Source data:

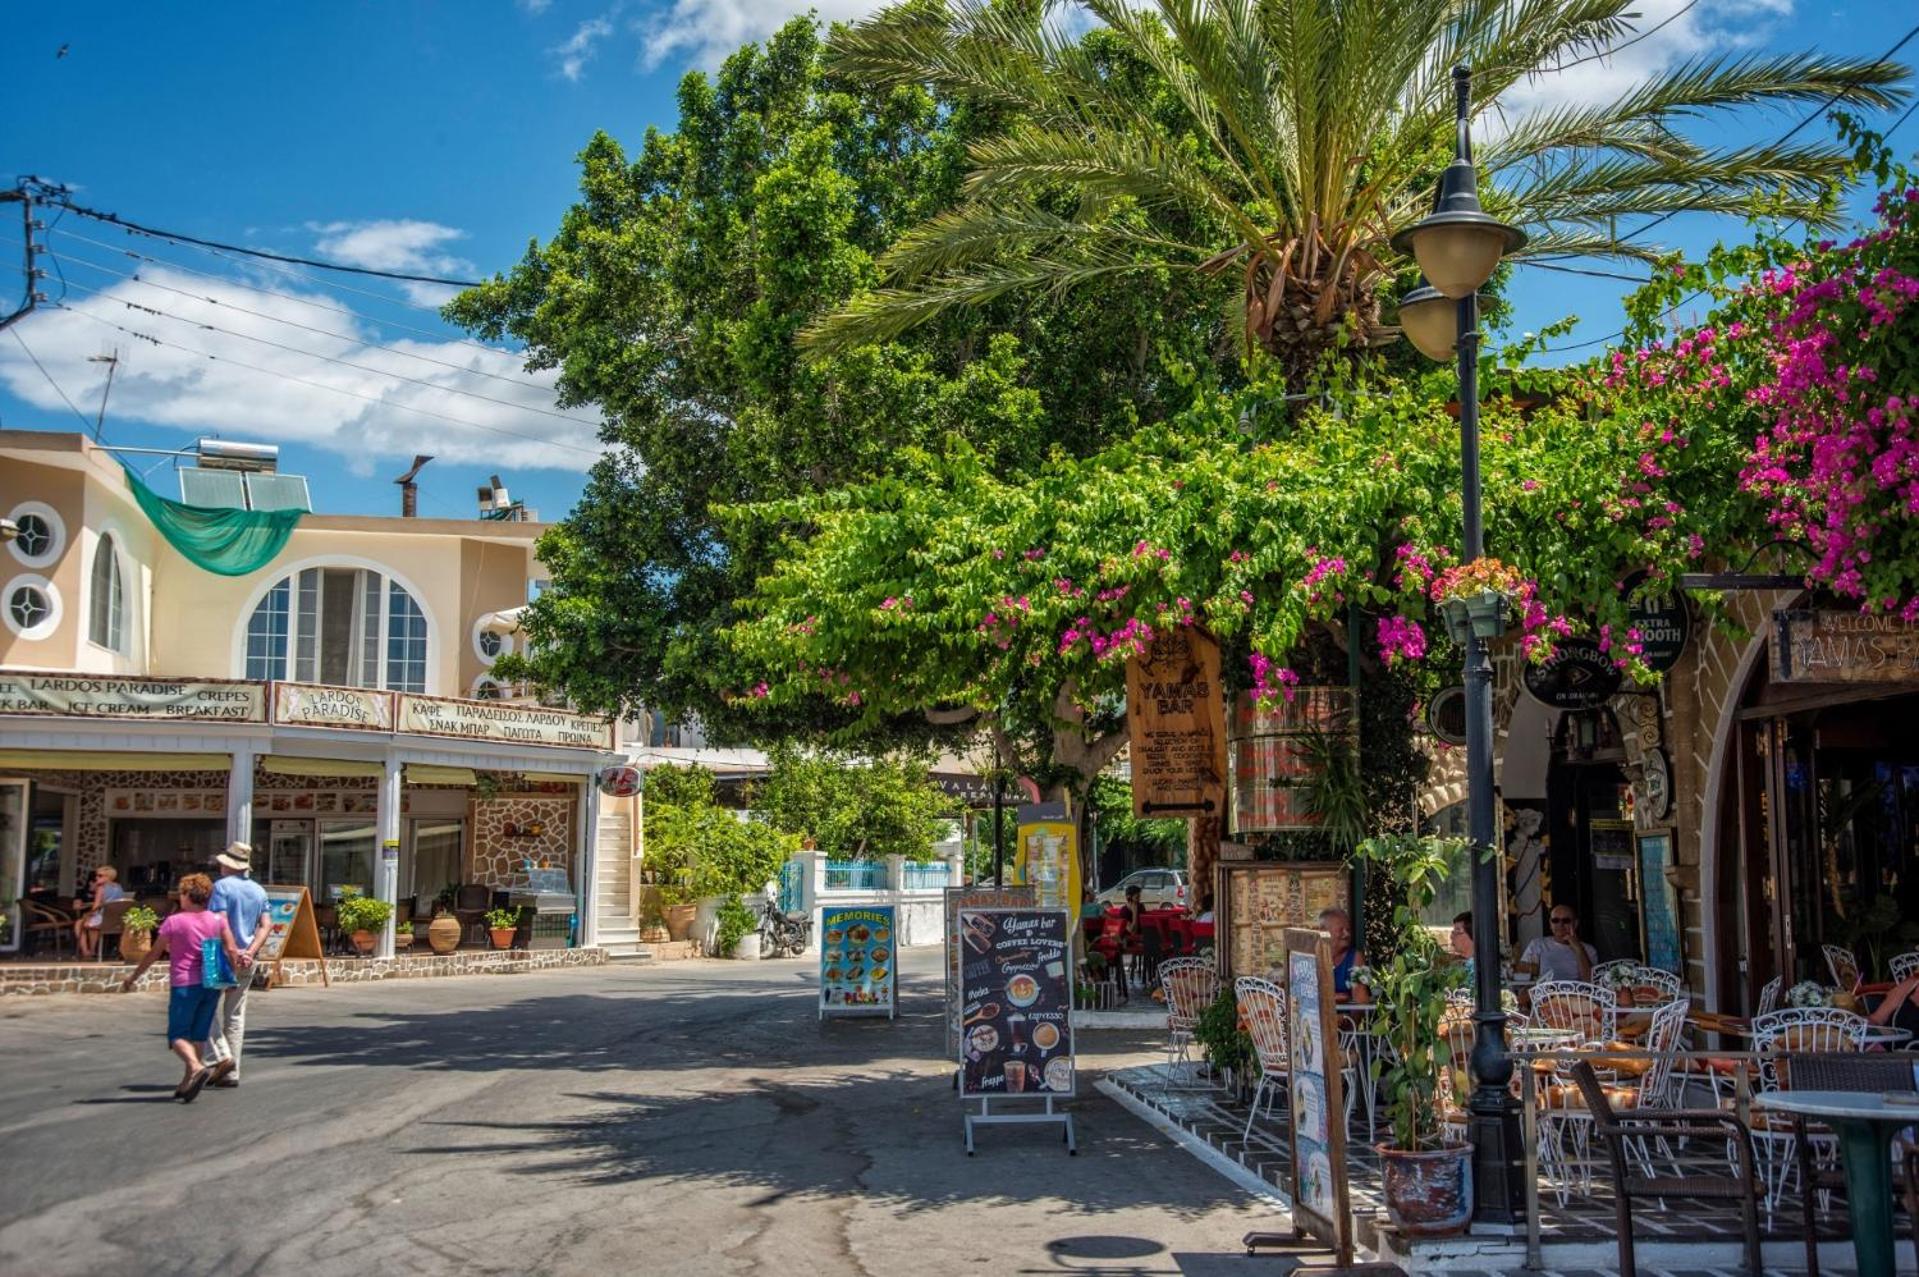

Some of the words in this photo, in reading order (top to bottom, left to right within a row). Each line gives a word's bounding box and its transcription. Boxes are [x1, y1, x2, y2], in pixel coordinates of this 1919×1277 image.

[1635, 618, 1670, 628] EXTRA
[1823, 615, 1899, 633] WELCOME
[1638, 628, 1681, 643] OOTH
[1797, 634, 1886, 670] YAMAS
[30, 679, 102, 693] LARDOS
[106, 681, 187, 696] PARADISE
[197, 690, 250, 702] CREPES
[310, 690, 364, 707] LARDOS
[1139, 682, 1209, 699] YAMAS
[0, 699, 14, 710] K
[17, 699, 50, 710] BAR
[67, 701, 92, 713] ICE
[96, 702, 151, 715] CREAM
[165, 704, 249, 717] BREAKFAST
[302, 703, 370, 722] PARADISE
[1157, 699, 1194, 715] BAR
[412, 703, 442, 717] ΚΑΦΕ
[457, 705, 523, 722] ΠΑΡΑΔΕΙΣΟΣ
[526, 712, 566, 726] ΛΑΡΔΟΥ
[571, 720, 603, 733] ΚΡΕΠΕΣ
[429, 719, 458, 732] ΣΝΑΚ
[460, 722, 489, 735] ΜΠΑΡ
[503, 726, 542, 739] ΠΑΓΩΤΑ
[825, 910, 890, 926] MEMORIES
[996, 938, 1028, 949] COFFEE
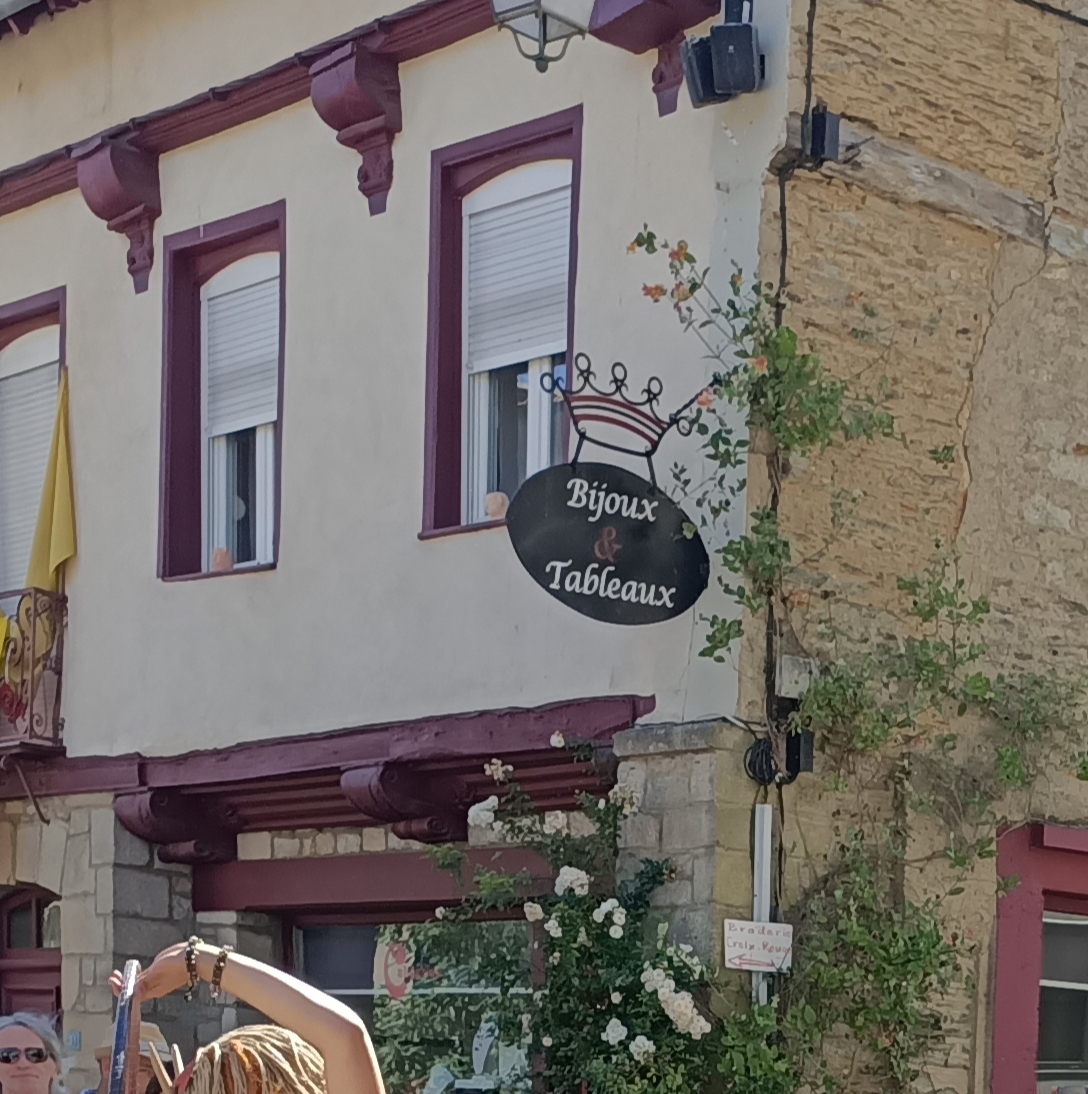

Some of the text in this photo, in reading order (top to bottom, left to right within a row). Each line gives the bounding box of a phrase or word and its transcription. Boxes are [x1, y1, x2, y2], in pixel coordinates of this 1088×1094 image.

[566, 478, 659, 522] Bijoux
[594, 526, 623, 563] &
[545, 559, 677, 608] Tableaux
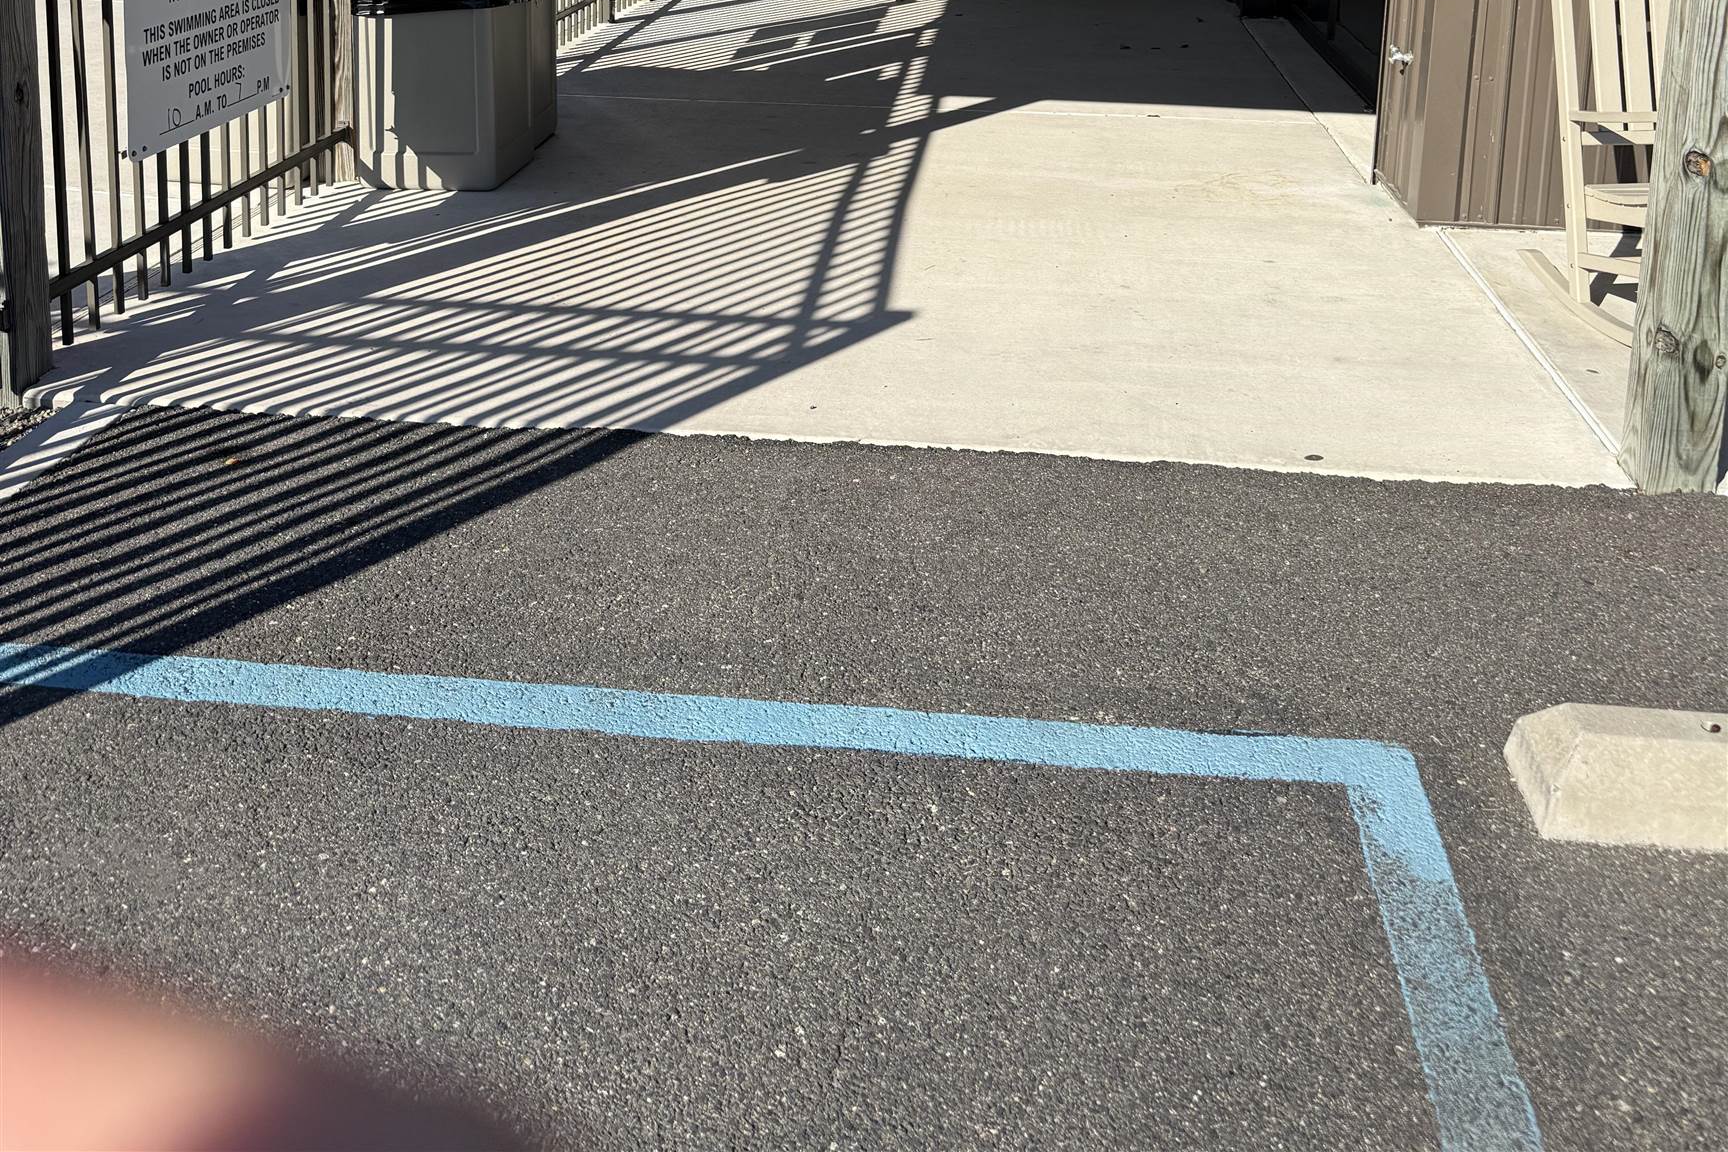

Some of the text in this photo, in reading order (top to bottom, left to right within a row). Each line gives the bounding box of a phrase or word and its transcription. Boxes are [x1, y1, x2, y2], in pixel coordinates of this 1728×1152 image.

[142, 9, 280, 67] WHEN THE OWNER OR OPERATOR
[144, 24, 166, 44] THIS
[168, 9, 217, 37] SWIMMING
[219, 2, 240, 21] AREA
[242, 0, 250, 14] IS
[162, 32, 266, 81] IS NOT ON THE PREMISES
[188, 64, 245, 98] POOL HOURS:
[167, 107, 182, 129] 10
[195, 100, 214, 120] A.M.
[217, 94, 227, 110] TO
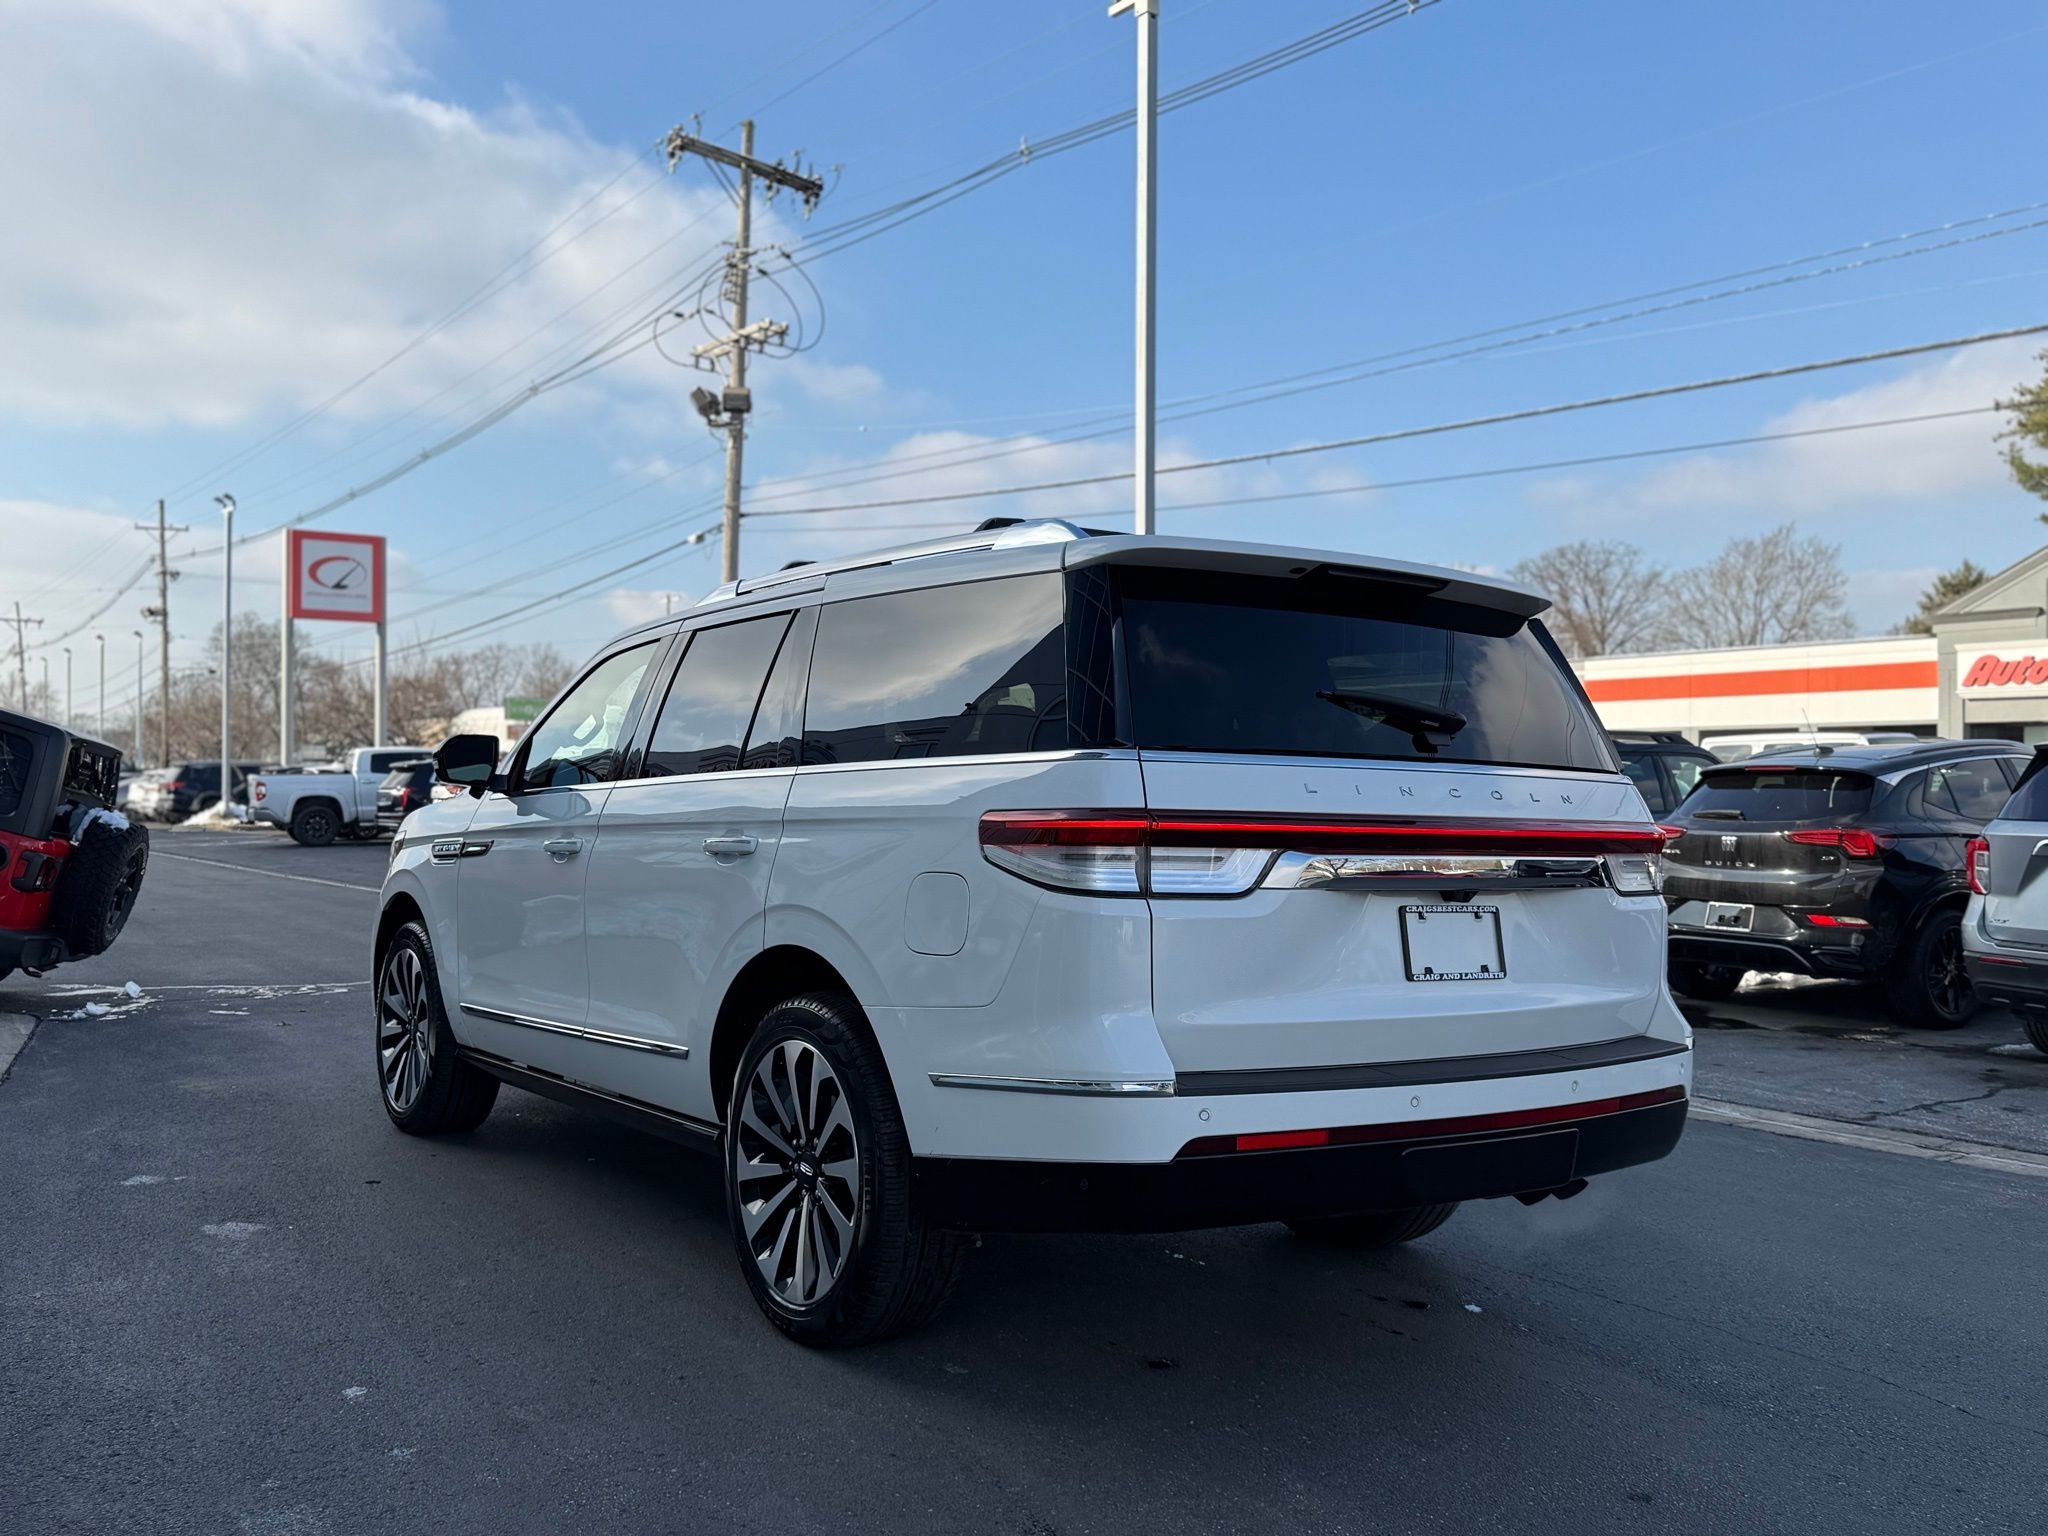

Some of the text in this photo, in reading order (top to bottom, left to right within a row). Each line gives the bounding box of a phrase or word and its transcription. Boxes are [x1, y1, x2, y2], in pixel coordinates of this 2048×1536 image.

Your task:
Copy the listing exactly. Any image in it stays out of the copy.

Exercise response:
Some of the words in this photo, in reading order (top to bottom, left to right within a row). Each line gives a word's bounding box and its transcription. Boxes are [x1, y1, x2, y2], in pixel coordinates of this 1919×1277 image.

[1635, 618, 1670, 628] EXTRA
[1823, 615, 1899, 633] WELCOME
[1638, 628, 1681, 643] OOTH
[1797, 634, 1886, 670] YAMAS
[30, 679, 102, 693] LARDOS
[106, 681, 187, 696] PARADISE
[197, 690, 250, 702] CREPES
[310, 690, 364, 707] LARDOS
[1139, 682, 1209, 699] YAMAS
[0, 699, 14, 710] K
[17, 699, 50, 710] BAR
[67, 701, 92, 713] ICE
[96, 702, 151, 715] CREAM
[165, 704, 249, 717] BREAKFAST
[302, 703, 370, 722] PARADISE
[1157, 699, 1194, 715] BAR
[412, 703, 442, 717] ΚΑΦΕ
[457, 705, 523, 722] ΠΑΡΑΔΕΙΣΟΣ
[526, 712, 566, 726] ΛΑΡΔΟΥ
[571, 720, 603, 733] ΚΡΕΠΕΣ
[429, 719, 458, 732] ΣΝΑΚ
[460, 722, 489, 735] ΜΠΑΡ
[503, 726, 542, 739] ΠΑΓΩΤΑ
[825, 910, 890, 926] MEMORIES
[996, 938, 1028, 949] COFFEE

Some of the text in this photo, in reading order (top to bottom, left to right within a row). Each line gives the bounding box of a phrase or word and its transcription. Boxes are [x1, y1, x2, y2], in pixel coordinates of this 1088×1094 image.

[566, 478, 659, 522] Bijoux
[594, 526, 623, 563] &
[545, 559, 677, 608] Tableaux

Some of the text in this photo, in reading order (top to bottom, left to right within a row). Each line gives the bounding box of a phrase or word and its transcription. Boxes are [x1, y1, x2, y2], in pixel coordinates of this 1728×1152 image.

[142, 9, 280, 67] WHEN THE OWNER OR OPERATOR
[144, 24, 166, 44] THIS
[168, 9, 217, 37] SWIMMING
[219, 2, 240, 21] AREA
[242, 0, 250, 14] IS
[162, 32, 266, 81] IS NOT ON THE PREMISES
[188, 64, 245, 98] POOL HOURS:
[167, 107, 182, 129] 10
[195, 100, 214, 120] A.M.
[217, 94, 227, 110] TO

Some of the text in this photo, in reading order (top to bottom, left to right within a row). Each line gives the bounding box of a phrase or word and its transcription. Boxes are [x1, y1, x2, y2], in pixel coordinates of this 2048×1536 image.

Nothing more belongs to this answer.